__Phrase grounding data__

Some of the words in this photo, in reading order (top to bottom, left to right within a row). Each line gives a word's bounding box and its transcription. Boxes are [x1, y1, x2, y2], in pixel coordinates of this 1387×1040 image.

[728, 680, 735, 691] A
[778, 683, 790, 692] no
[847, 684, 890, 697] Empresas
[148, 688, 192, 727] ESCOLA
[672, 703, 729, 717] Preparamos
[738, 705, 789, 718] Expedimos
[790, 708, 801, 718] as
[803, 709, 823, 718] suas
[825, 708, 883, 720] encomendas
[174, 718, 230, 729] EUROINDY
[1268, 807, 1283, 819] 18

__Directions for this task__
Your response should be an exact copy of all the records.

__Your response__
Some of the words in this photo, in reading order (top to bottom, left to right within a row). Each line gives a word's bounding box and its transcription. Boxes are [x1, y1, x2, y2], in pixel coordinates of this 1387×1040 image.

[728, 680, 735, 691] A
[778, 683, 790, 692] no
[847, 684, 890, 697] Empresas
[148, 688, 192, 727] ESCOLA
[672, 703, 729, 717] Preparamos
[738, 705, 789, 718] Expedimos
[790, 708, 801, 718] as
[803, 709, 823, 718] suas
[825, 708, 883, 720] encomendas
[174, 718, 230, 729] EUROINDY
[1268, 807, 1283, 819] 18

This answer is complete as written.